## WHAT IS NEEDED
Would you please reproduce all the entries exactly, leaving the pictures out?

## PROVIDED DATA

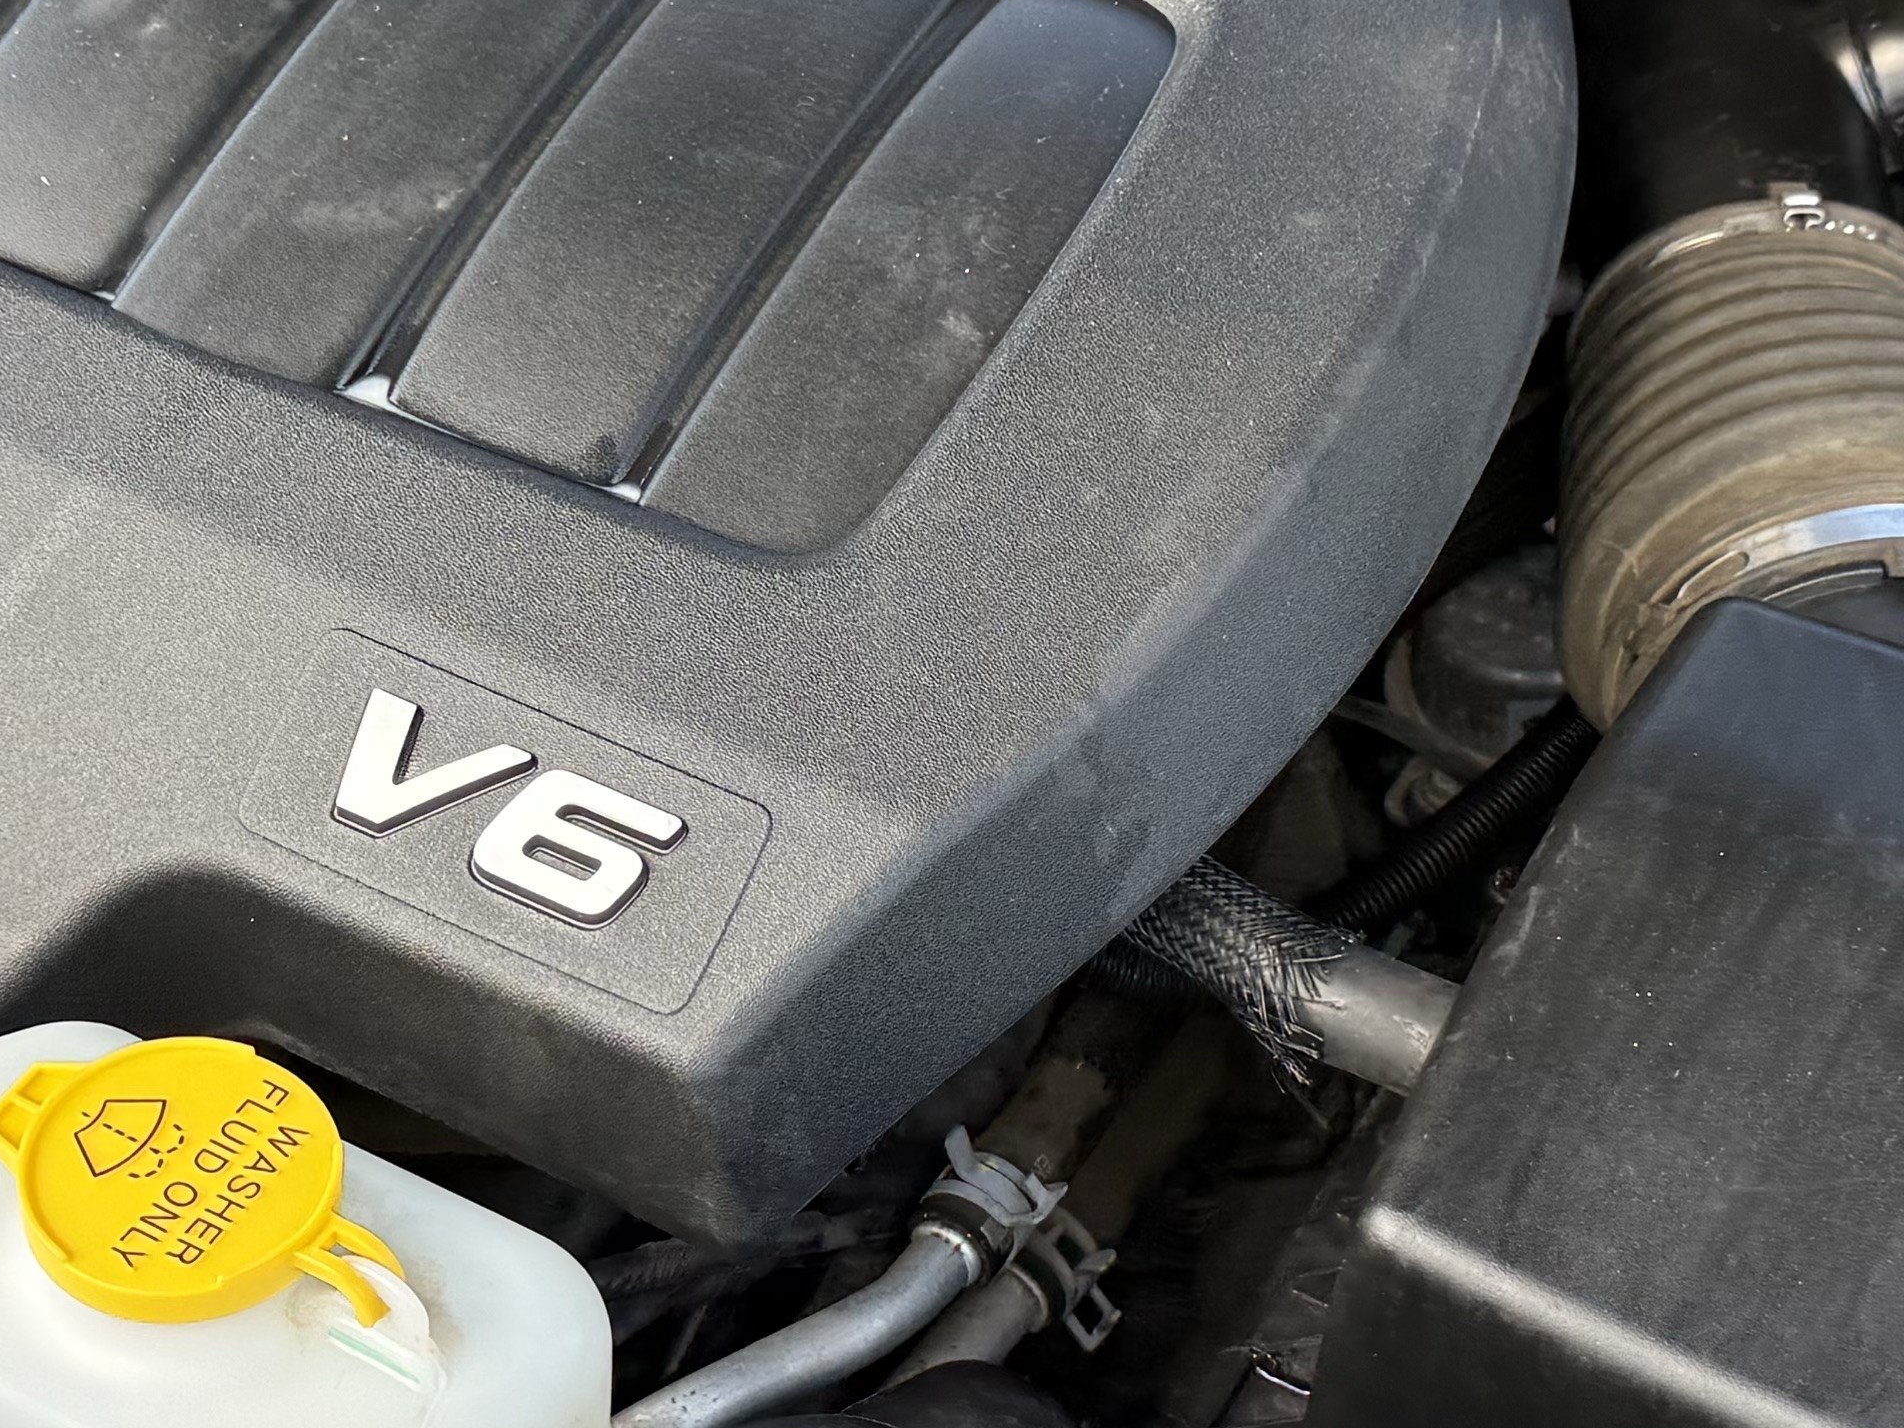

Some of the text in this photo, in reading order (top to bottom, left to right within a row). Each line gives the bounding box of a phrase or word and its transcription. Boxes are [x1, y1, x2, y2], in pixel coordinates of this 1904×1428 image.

[333, 687, 689, 931] V6
[110, 1078, 291, 1269] FLUID ONLY
[164, 1124, 310, 1267] WASHER
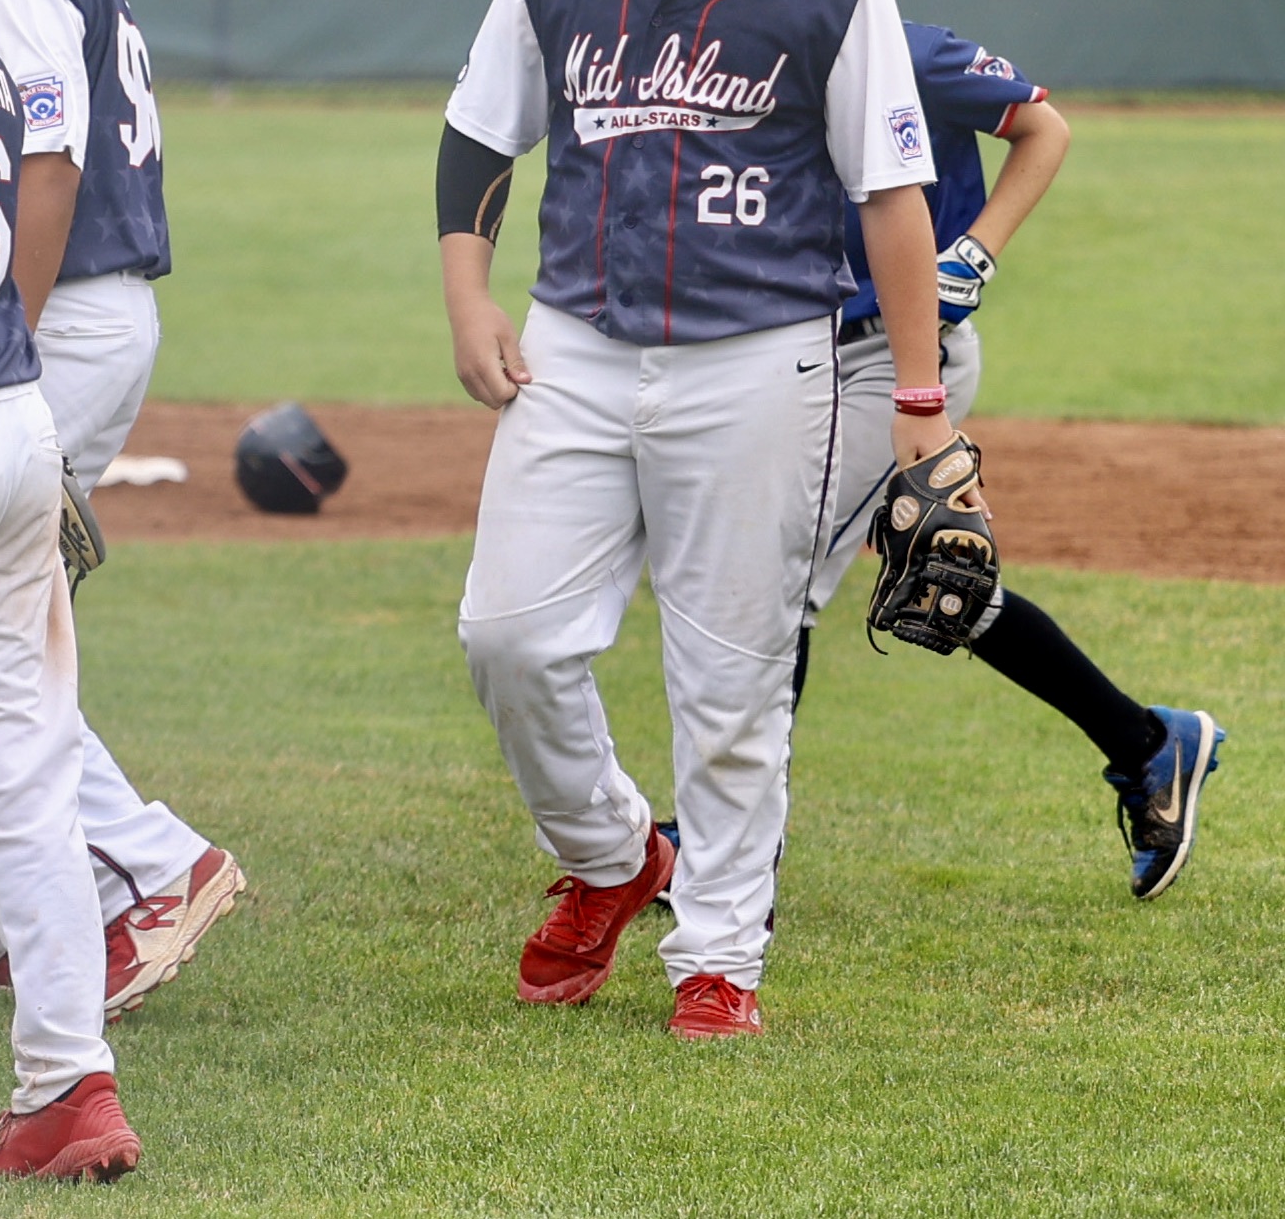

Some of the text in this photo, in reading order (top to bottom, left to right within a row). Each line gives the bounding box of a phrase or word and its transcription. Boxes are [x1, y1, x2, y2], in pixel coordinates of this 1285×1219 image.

[564, 33, 788, 113] Mid Island
[610, 111, 701, 129] ALL-STARS
[698, 164, 770, 225] 26

## EXPECTED OUTPUT
Some of the text in this photo, in reading order (top to bottom, left to right within a row). Each line gives the bounding box of a phrase or word and its transcription. Boxes are [x1, y1, x2, y2], in pixel coordinates of this 1904×1428 image.

[333, 687, 689, 931] V6
[110, 1078, 291, 1269] FLUID ONLY
[164, 1124, 310, 1267] WASHER

Some of the text in this photo, in reading order (top to bottom, left to right within a row). Each line gives the bounding box of a phrase or word and its transcription. Boxes are [x1, y1, x2, y2], in pixel coordinates of this 1285×1219 image.

[564, 33, 788, 113] Mid Island
[610, 111, 701, 129] ALL-STARS
[698, 164, 770, 225] 26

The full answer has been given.